The Fusion of Artificial Intelligence and Marketing
About all that has been said, as digital marketing professionals, we continually hear from the voices of the leading advertising platforms that we should let their algorithms learn to manage our campaigns. In this way, you find the necessary circumstances to optimize the ads in the best possible way.
This, although proven to work, tends to frustrate us since we like to be in control. At the same time, we also want to have as much information as possible and be able to manage our data based on our own learning and knowledge.
Machine Learning in Digital Marketing: Is It Possible for Everyone?
This is why studying machine learning for implementation in our work can be interesting. In such a way, we are the ones who use an algorithm that allows us to classify or make a future prediction about our investment in advertising and possible results.
Here is all I can say: Can anyone learn notions to implement machine learning actions in their digital marketing tasks related to advertising? Yes, definitely. Be careful; this is not mandatory.
Each person has a professional profile and speciality. However, it is always interesting to be able to rely on all the tools that can help maximize the value of our work.

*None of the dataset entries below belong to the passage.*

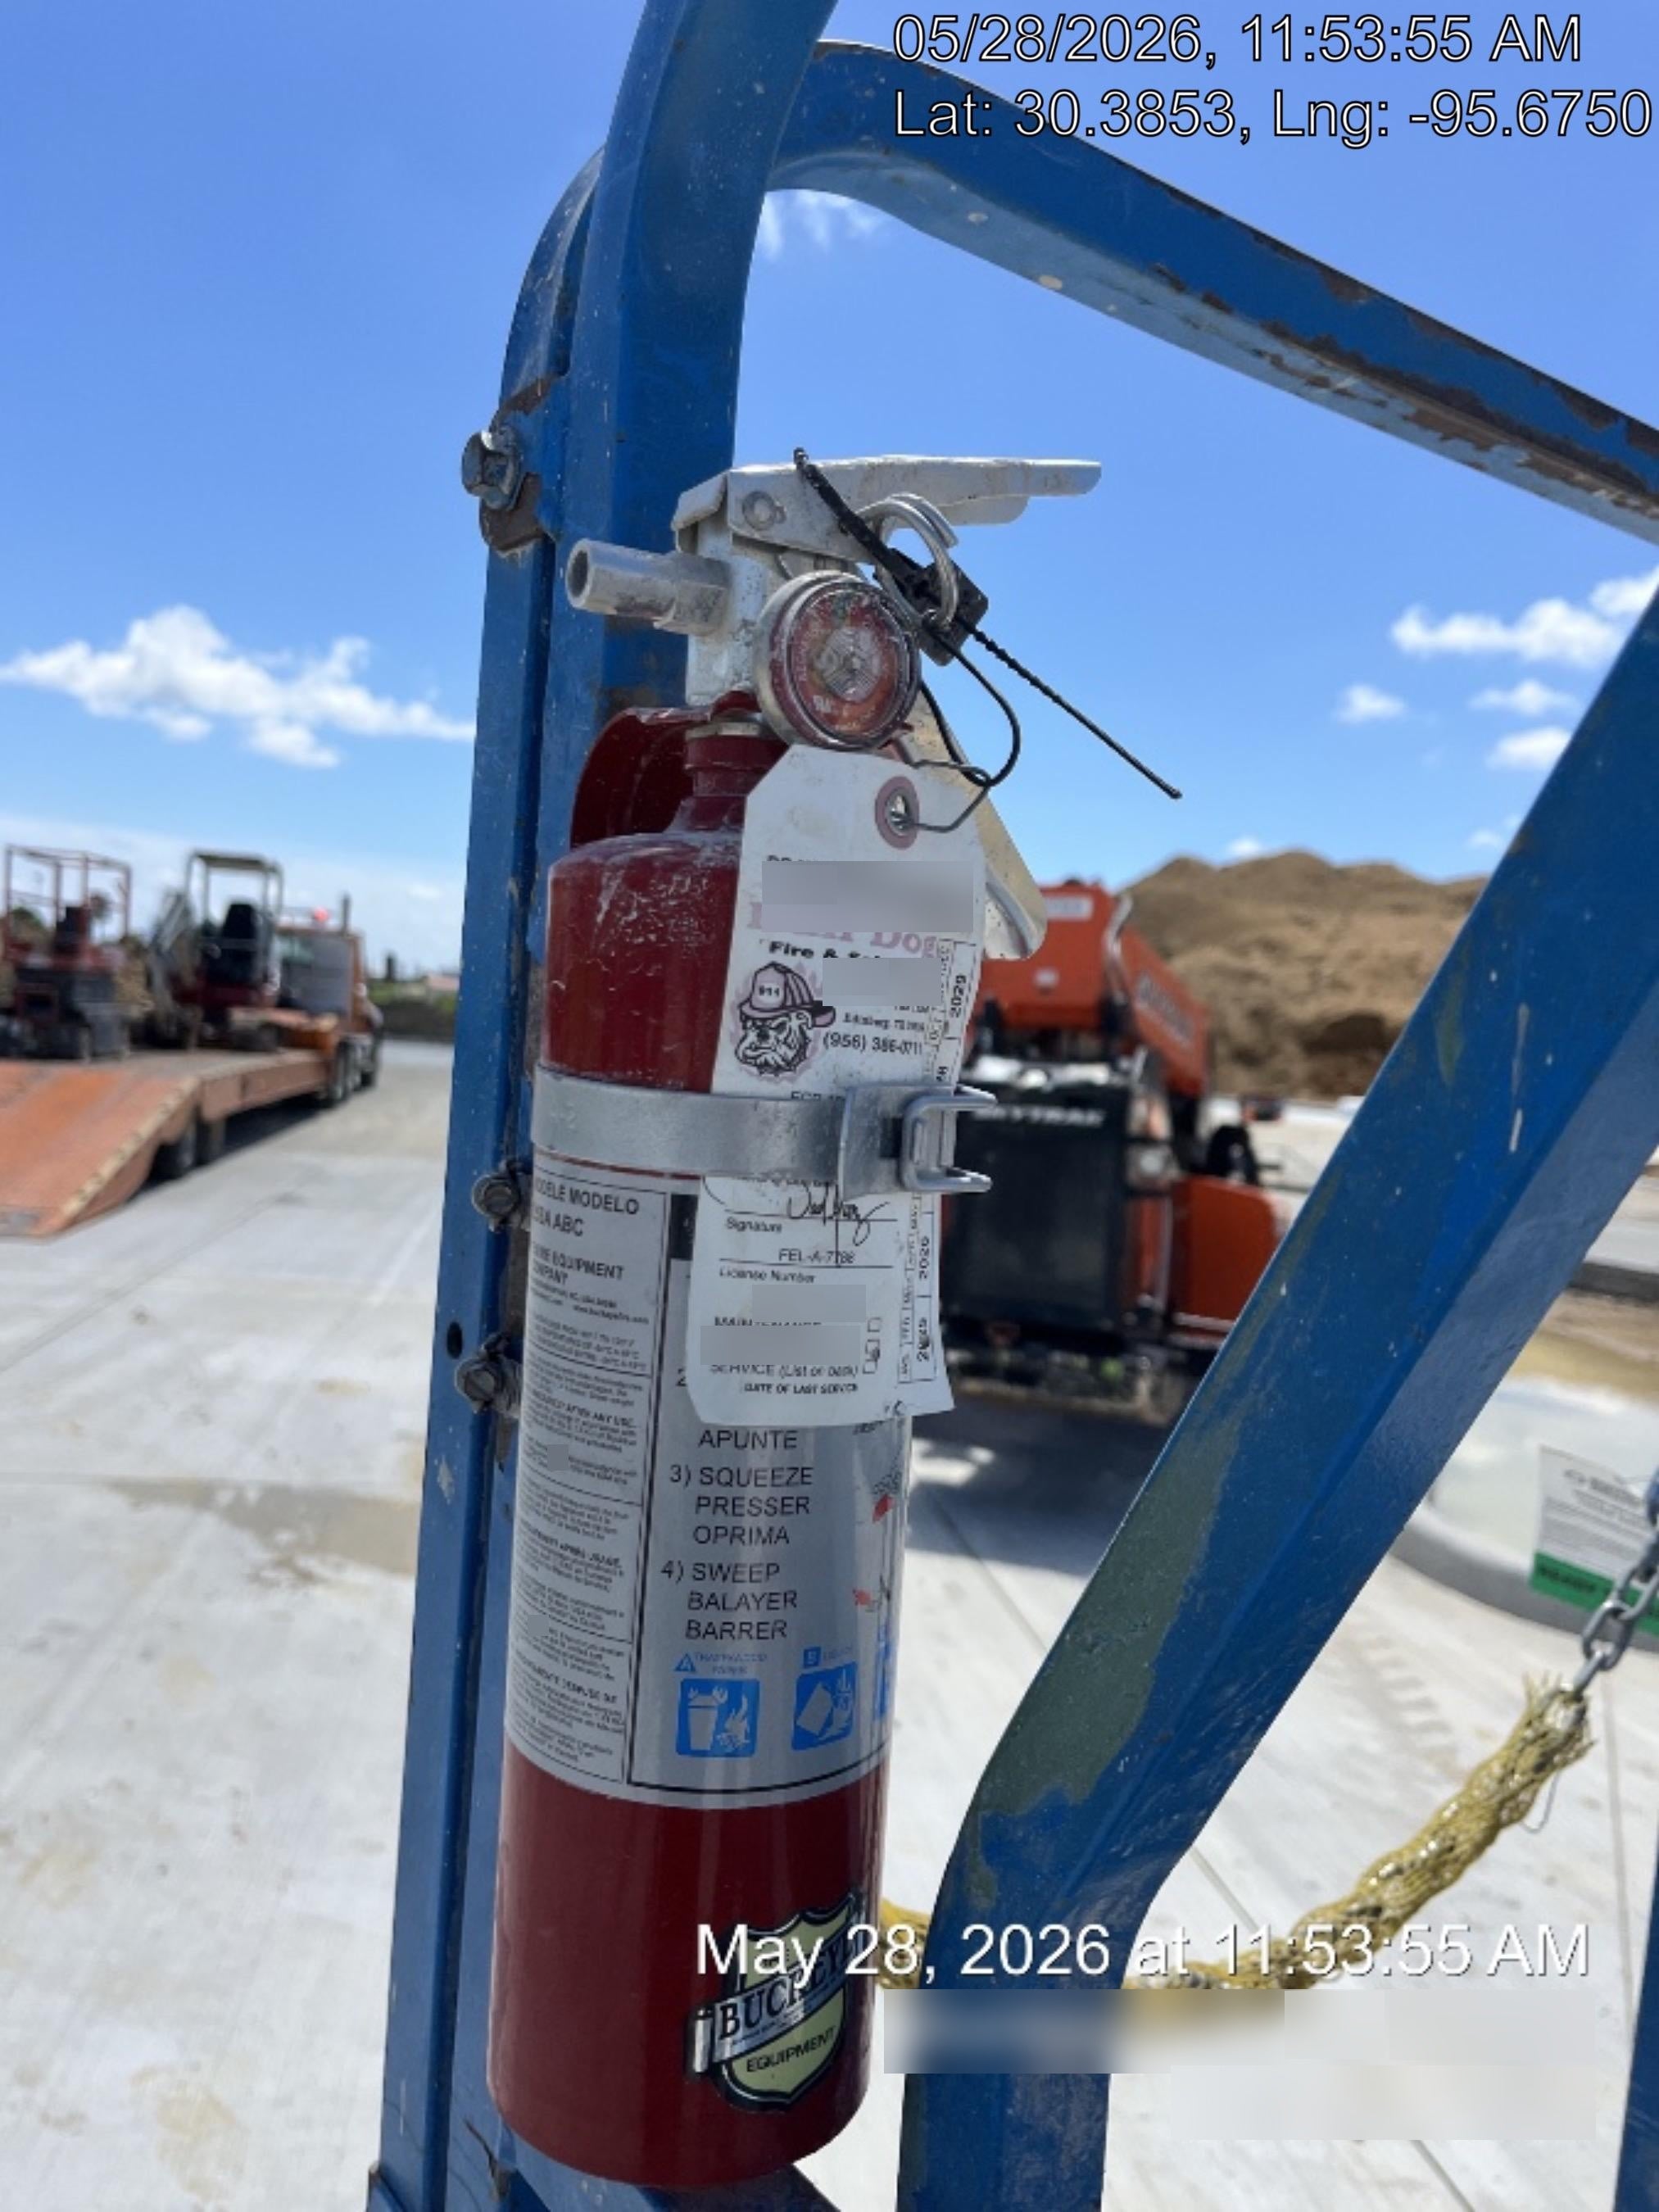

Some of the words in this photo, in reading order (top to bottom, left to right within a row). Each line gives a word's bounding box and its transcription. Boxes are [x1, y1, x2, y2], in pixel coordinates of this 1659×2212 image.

[769, 941, 814, 959] Fire
[823, 1031, 867, 1052] (956)
[569, 1186, 640, 1215] MODELO
[552, 1213, 583, 1237] ABC
[724, 1216, 782, 1233] Signature
[718, 1267, 768, 1281] License
[770, 1270, 816, 1284] Number
[698, 1429, 799, 1450] APUNTE
[669, 1464, 691, 1488] 3)
[699, 1466, 814, 1488] SQUEEZE
[695, 1495, 811, 1517] PRESSER
[693, 1525, 791, 1546] OPRIMA
[660, 1560, 684, 1584] 4)
[691, 1562, 780, 1583] SWEEP
[687, 1589, 798, 1611] BALAYER
[685, 1619, 788, 1640] BARRER
[746, 2024, 836, 2056] EQUIPMENT

The important thing is that you understand the procedure of action. You can rely on specialized departments with technical profiles that carry out programming tasks that may escape you.
Many people fear artificial intelligence because they see it as a substitute for their work. However, an AI will never be a human since a human knows what questions to ask at any given time. From there, you can rely on this tool to facilitate or speed up a process. This could never (or at least cannot) happen the other way around.

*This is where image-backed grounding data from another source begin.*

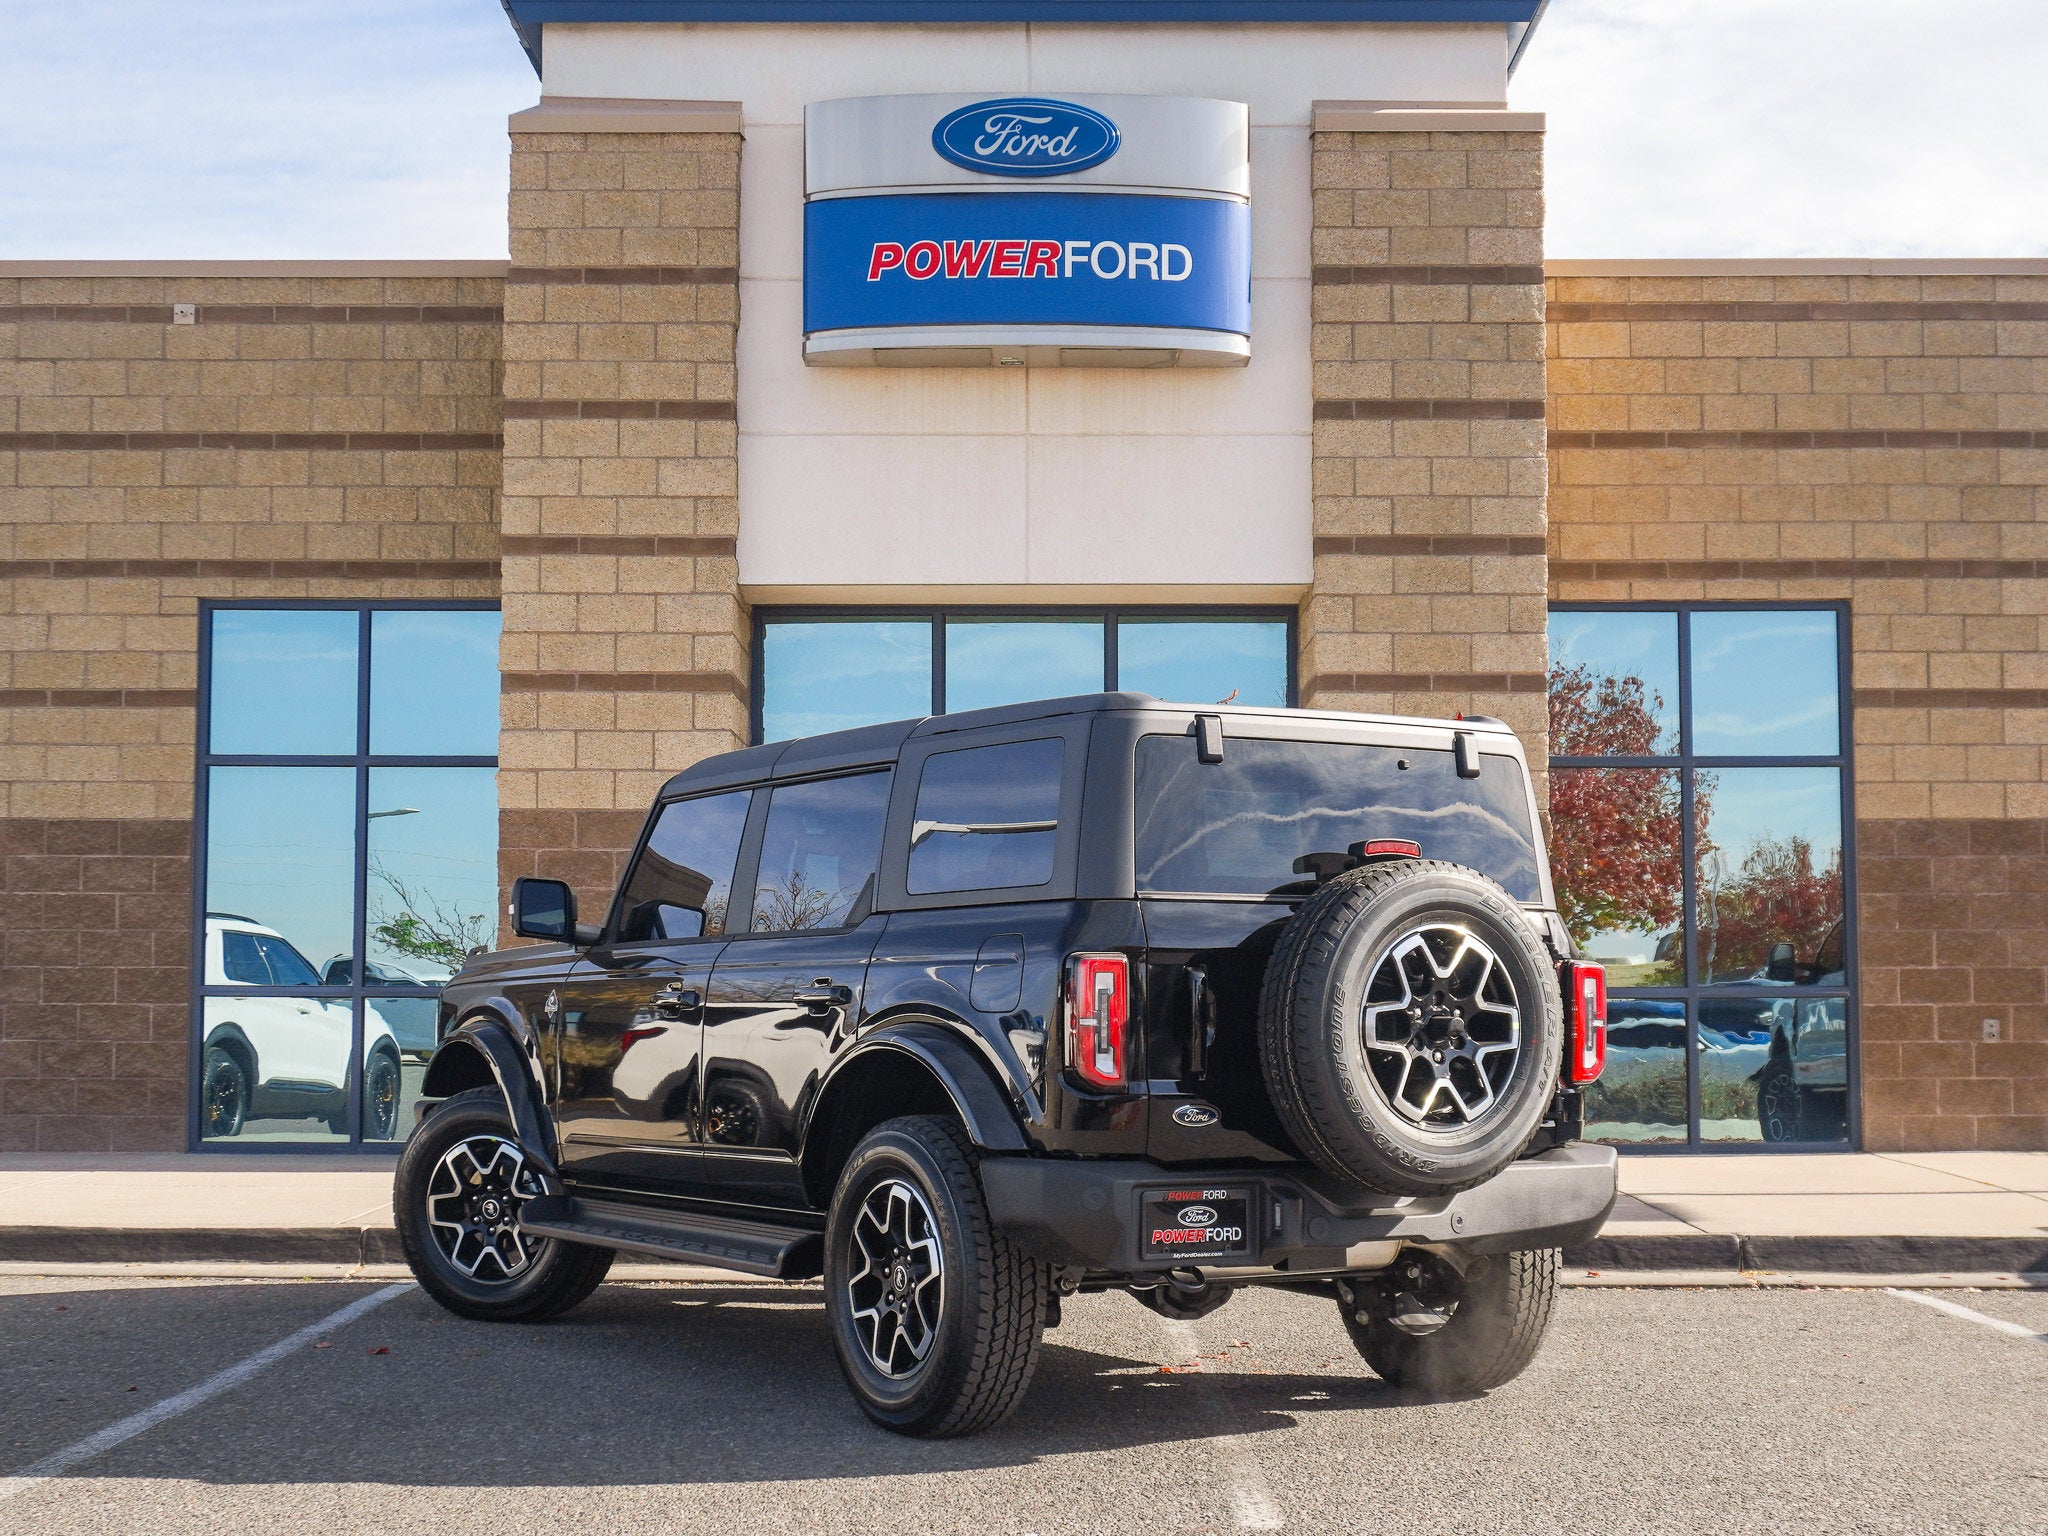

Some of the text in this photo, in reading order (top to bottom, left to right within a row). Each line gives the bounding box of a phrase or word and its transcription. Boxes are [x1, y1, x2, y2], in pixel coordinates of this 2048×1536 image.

[974, 113, 1079, 157] Ford
[1331, 982, 1440, 1173] BRIDGESTONE
[1184, 1109, 1210, 1122] Ford
[1185, 1209, 1209, 1222] Ford
[1172, 1251, 1223, 1260] MyFordDealer.com

Practical Benefits of Machine Learning in Digital Marketing
What exactly can this help me with? Too many things.
- Segmentation: Imagine that you download your database of customers, web visits, sessions, purchases, etc… By applying a classification algorithm, you can create precise lists that distinguish customers by different types (price range, specific products ).
- Customer rating: By the above, we can divide the best and worst customers according to their behaviour. From here, many actions can be carried out, from showing different advertisements, discarding actions, or even improving them.
- Purchase or profit forecast: Using regression algorithms and historical data, we can even make an approach. And forecast how much we could sell in the following year.
- Recommendation systems: When a user with specific characteristics lands on the web, we can show them a particular product through the associations created from their behaviour.
We could discuss many things, from classifying algorithms between supervised and unsupervised. The distinction between, for example, the known or the decision trees, or perhaps about the necessary programs and the programming language required to apply them. However, today, we are lucky to have multiple training courses with hours of learning adapted to many levels.